Empossado, Peres começou a colecionar brigas tanto com o Tribunal de Justiça do Paraná, ao tentar manter reformas na constituição do estado que já haviam sido anuladas pelo judiciário, e com desafetos políticos, como o empresário Paulo Pimentel, então o último governador eleito pelo voto popular e antecessor de Peres no Palácio Iguaçu. “O conflito aberto [entre Peres e Pimentel] estourou durante a campanha eleitoral no ano passado e atingiu um ponto alto em abril deste ano, quando Peres autorizou a polícia a entrar em uma estação de TV de Pimentel e apreender os scripts de uma transmissão que o atacava”, conta o livro.

“Frente aos militares, isso foi uma mancha. O Médici, durante um encontro com o secretário de Agricultura do Paraná, chegou a advertir o Peres para que essas brigas parassem. A ‘revolução’ não queria esse clima de briga, de suspeição nos estados.
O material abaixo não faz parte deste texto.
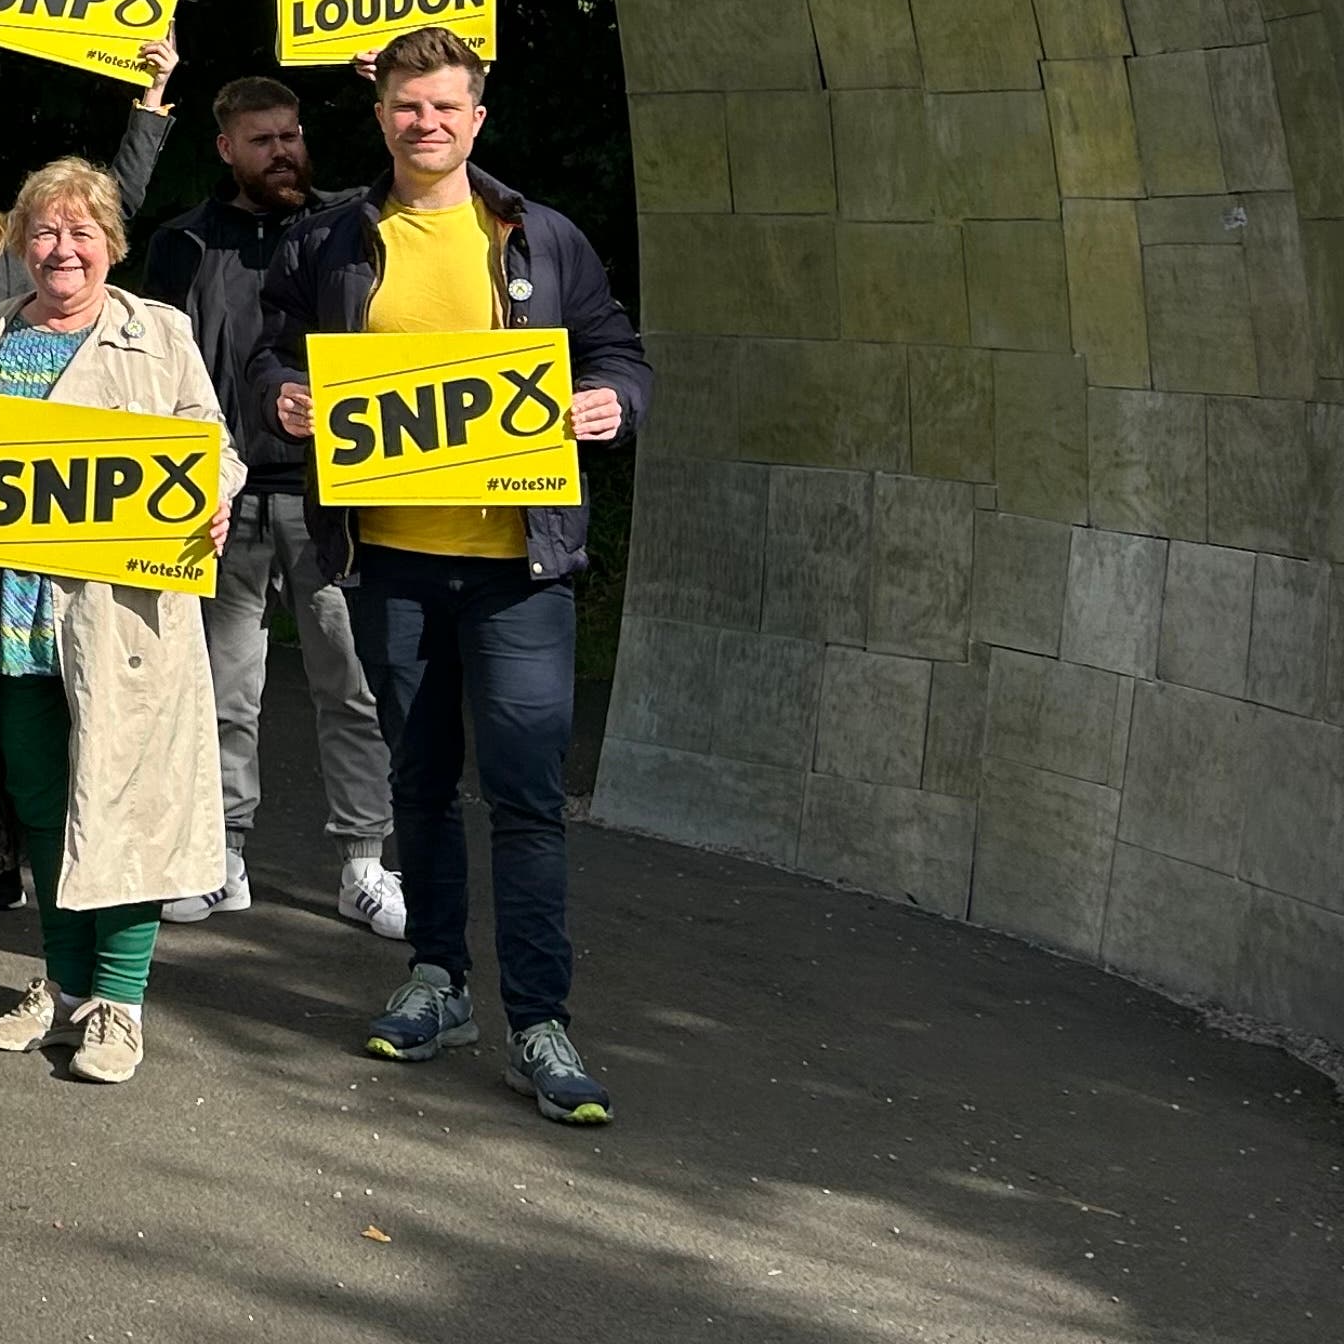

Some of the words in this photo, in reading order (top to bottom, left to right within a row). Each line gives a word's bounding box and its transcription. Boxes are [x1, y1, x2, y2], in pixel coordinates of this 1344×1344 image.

[329, 377, 493, 466] SNP
[486, 477, 567, 492] #VoteSNP
[125, 558, 204, 581] #VoteSNP
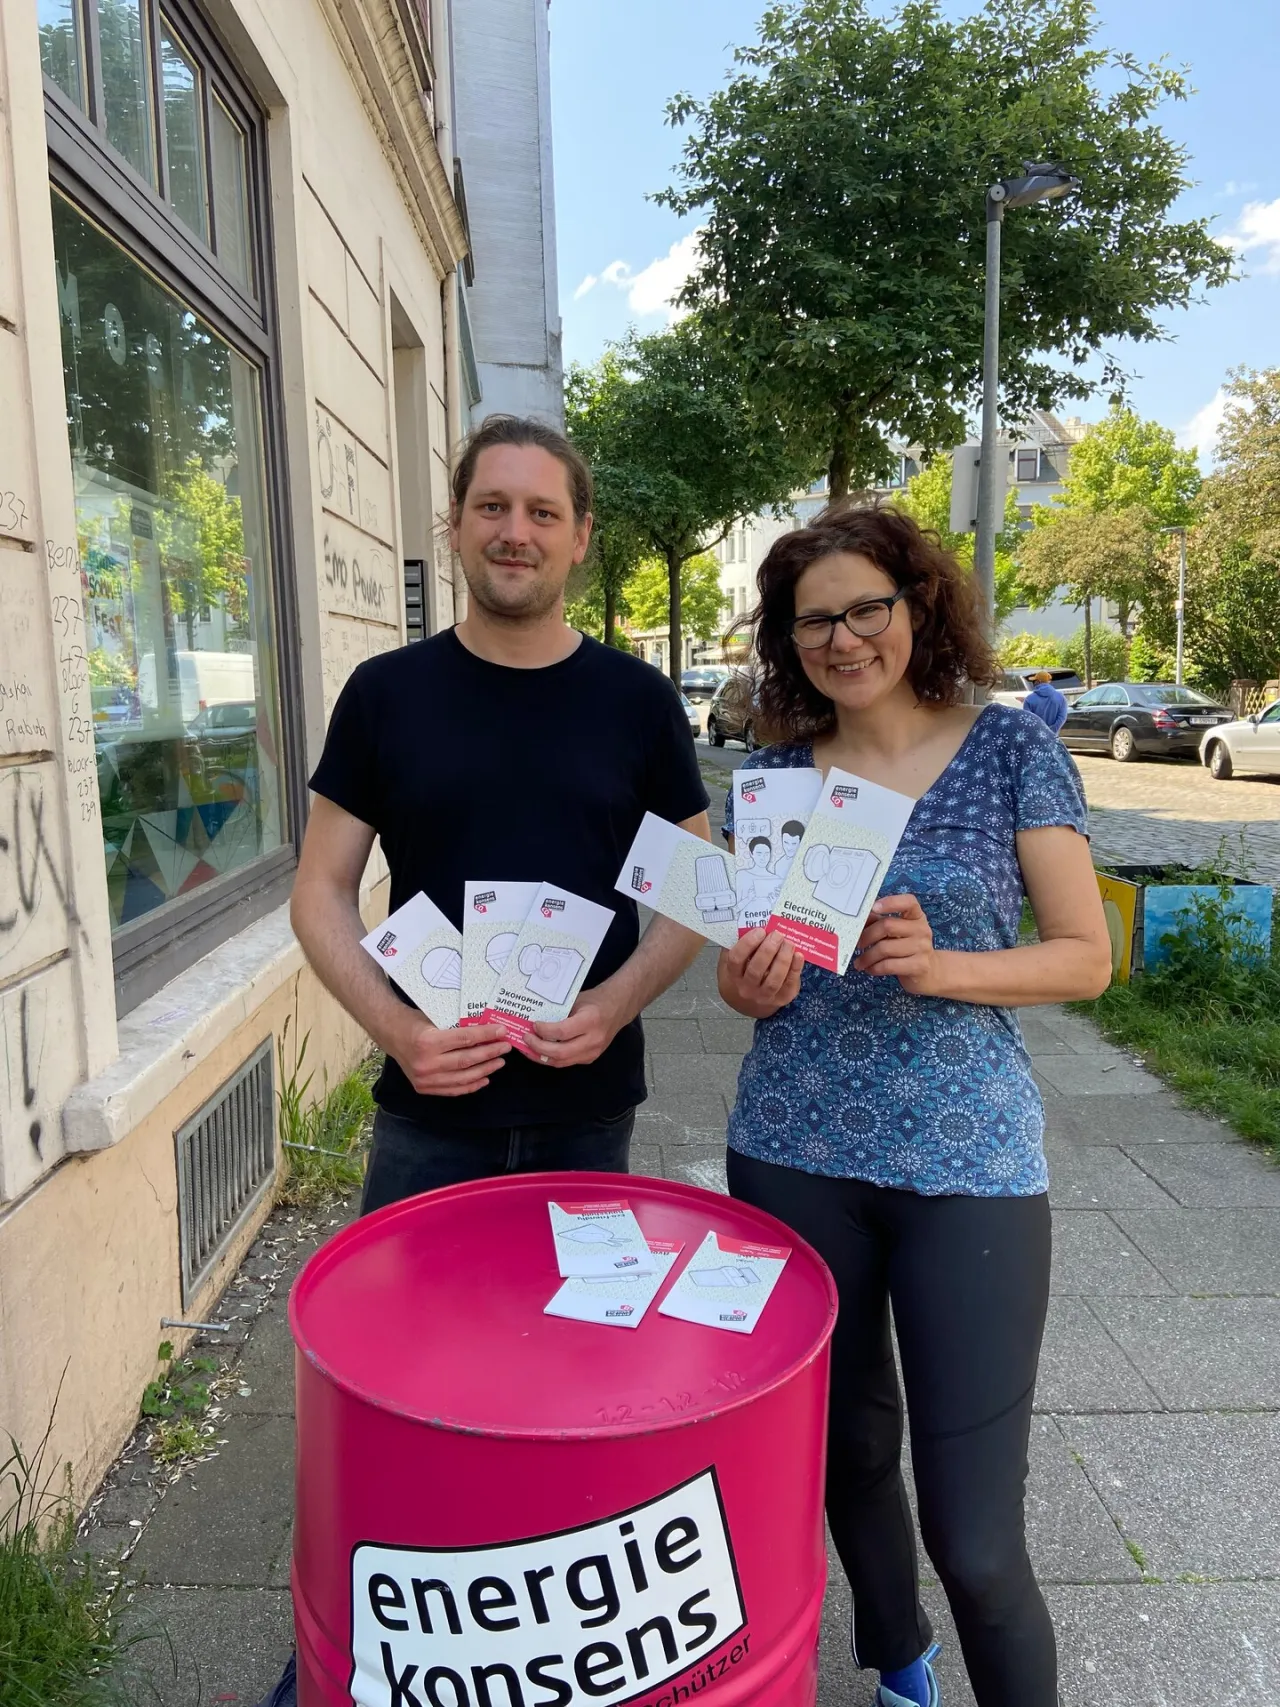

Isso foi gerando um desconforto que culminou com a saída do Haroldo. A questão da propina foi só a gota d’água. Ali, o governo dele já estava praticamente acabado”, afirma Santos Junior.

“Operação Erva Mate” investigou pedido de propina milionária

Os documentos que embasam a análise do historiador foram obtidos junto ao Arquivo Nacional, e fazem parte de dossiês montados pelo Serviço Nacional de Informação, órgão oficial de espionagem do governo militar, durante a chamada “Operação Erva Mate”. A operação foi criada quando os agentes foram acionados pelo empresário Cecílio do Rego Almeida. Ele tinha sido alvo de pedidos de propina feitos pelo irmão e pelo chefe de gabinete de Peres. Para Féder, a atitude de Murillo, irmão do governador e titular do Escritório de Representação do Paraná na Guanabara, irritou o empresário.

“Um trecho dos documentos do SNI fala que os agentes estranharam o fato de o Cecílio não ter aceitado o pedido de propina do Haroldo. Mas é porque ele achou o valor da propina, um milhão de dólares [cerca de R$ 37 milhões em valores atuais, corrigidos pela inflação], muito alto. ‘Vocês estão loucos, não tem como pagar isso para vocês’, ele teria dito ao irmão e ao chefe de gabinete do Haroldo, que efetivamente fizeram o pedido da propina”, contou o jornalista.

Depois da segunda investida, feita pelo chefe de gabinete, o empresário procurou o SNI para relatar o ocorrido. Os agentes, segundo os autores, teriam oferecido uma espécie de “apoio” a Cecílio, desde que a denúncia fosse formalizada por escrito. O pedido foi atendido, e o governador passou a ser acompanhado de perto pelos investigadores do governo federal. O fatídico encontro de Peres e Cecílio, nas areias da praia de Copacabana, não foi gravado nem em áudio nem em vídeo, mas sim descrito por um dos agentes do SNI, que na época acompanhou o fato de perto, disfarçado.

“É um período em que precisa ser jogada muita luz. É um período muito conturbado, muitas pessoas que participaram do governo certamente não souberam, nem mesmo na época, o que aconteceu. Boa parte desses dossiês estão publicados no livro, desses documentos que foram liberados pelo Arquivo Nacional. Não foi o Cecílio que derrubou o Haroldo, os militares é que já estavam sem paciência com ele. A corrupção, da forma como foi explicitada, era uma novidade, tanto para o governo quanto para a população. E em boa parte isso aconteceu por culpa do próprio Haroldo”, concluiu Santos Junior.